The animal, who Jim knew damn well was so much more than just a random stray, weighed next to nothing in his arm, and was warm as a Bunsen burner.
“I told her to think of you,” Jim said as he held his cigarette downwind of the dog—just in case he was wrong about the something-else. “I told Sissy to picture you chewing on my socks. I want her to imagine you playing in the bright green grass when things get…”
He couldn’t finish the thought aloud.
In his lifetime, he’d done ugly things, hideous things, to ugly, hideous people—which meant he had been long hardened to his emotions—
Well, actually, that had happened when he was still a teenager, hadn’t it. On that day when everything had changed forever.
On the day his mother had been murdered.
Whatever. Water under the bridge.
The fact of the matter was, the idea of Sissy in the demon’s Well of Souls was enough to make even a battle-hardened soldier like him lose his mind.
“I told her…to think of you, when she felt like she couldn’t hold on any longer.”
Dog’s stumpy tail wagged back and forth, like Jim had done the right thing.
Yeah, hopefully she was using Dog down there to sustain her.
Shit knew there was nothing else.
“I gotta find the next soul,” Jim muttered before taking another hit of the cigarette. “Gotta find out who’s on deck next. We gotta win this, Dog.”
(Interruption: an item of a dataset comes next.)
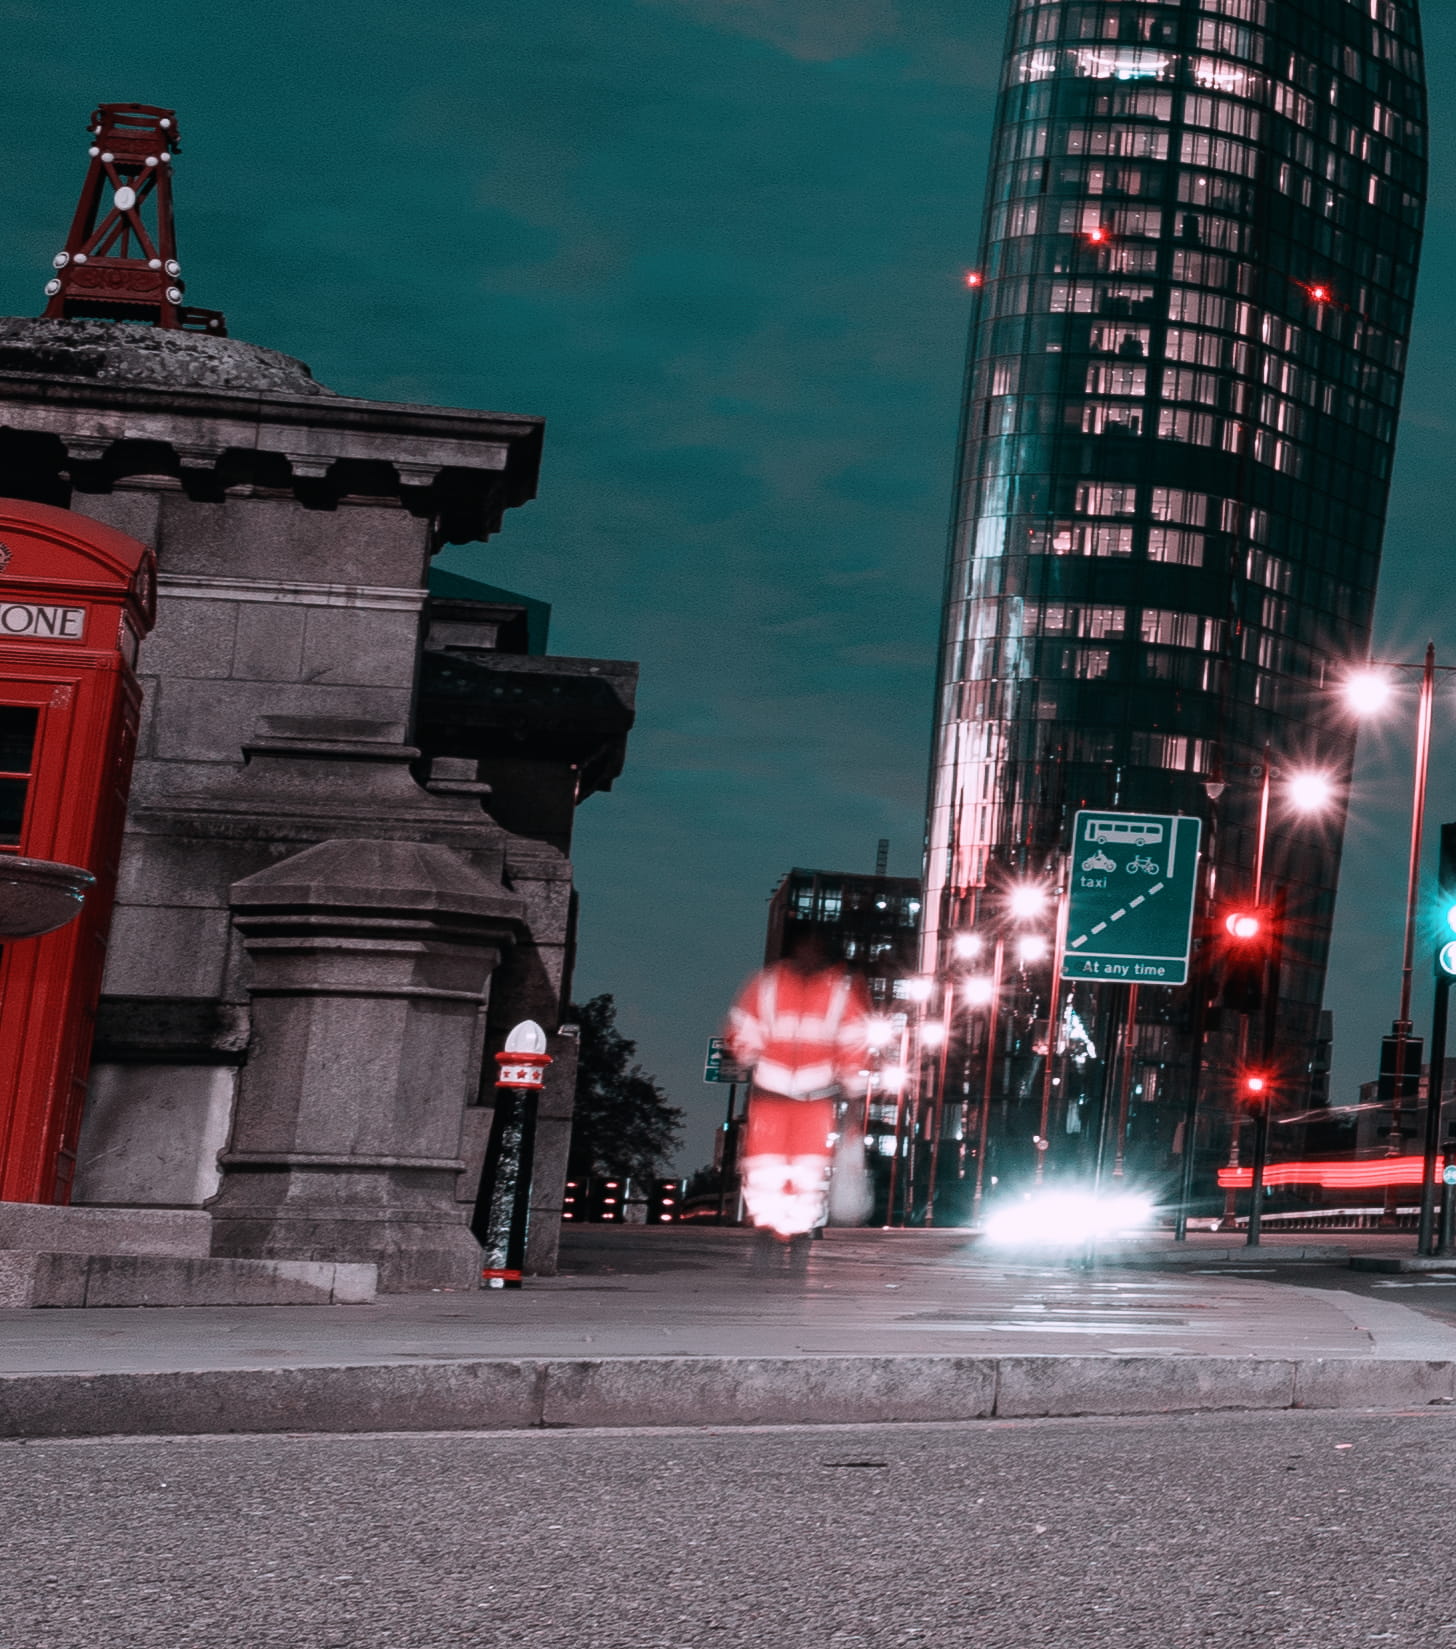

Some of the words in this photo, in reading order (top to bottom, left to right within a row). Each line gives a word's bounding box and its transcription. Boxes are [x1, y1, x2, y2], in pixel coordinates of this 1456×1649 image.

As that cold, wet nose gave him a nuzzle, he was careful to exhale over his shoulder.
The fact that Nigel maintained he knew the soul at bat told him absolutely nothing. He’d known a shitload of people during his life.
He could only pray it was someone he could bring around.
5
Matthias knew the moment he was no longer alone: The light around him intensified, which meant a door had been opened, and that didn’t happen for no reason.
His right hand curled in on a reflex, as if there should have been a gun against his palm. But that was all he could do. His body was immobile from pain, sure as if he were chained to whatever he was lying on—a bed. He was in a bed…and the ambient beeping told him what kind. A hospital. He was still in the hospital.
Was he never going to get over—
His thought processes ground to a halt at that point.
Nothing but a black hole.
No idea what had gotten him here. No clue why his body hurt so much. No…Jesus, he knew his first name was Matthias and that was it.
Panic opened his eyes fully—
There was a horrified woman standing at his bedside, her hands up to her face, her expression one of shock. One of her eyes was bruised and there was a bandage on her forehead. Darkish hair was pulled back. Pretty eyes. Tall…she was tall—
Beautiful eyes, actually.
“I’m so sorry,” she said hoarsely.
Huh? “About…” His voice was rough, his throat raw. And one of his eyes wasn’t working right—
No, the thing wasn’t working at all. He had lost half of his vision a while ago. That was right, back when he was…
He frowned as his thoughts fell off that cliff again.
“I hit you with my car. I’m so sorry—I didn’t see you coming. It was so dark out, and you came into the road before I could stop.”
He tried to reach out a hand, a compulsion to calm her overriding his pain and confusion. “Not your fault. No…no tears. Come…”
On some level, he couldn’t believe anyone would cry over him, now or ever. He was not the type of man who inspired that kind of reaction.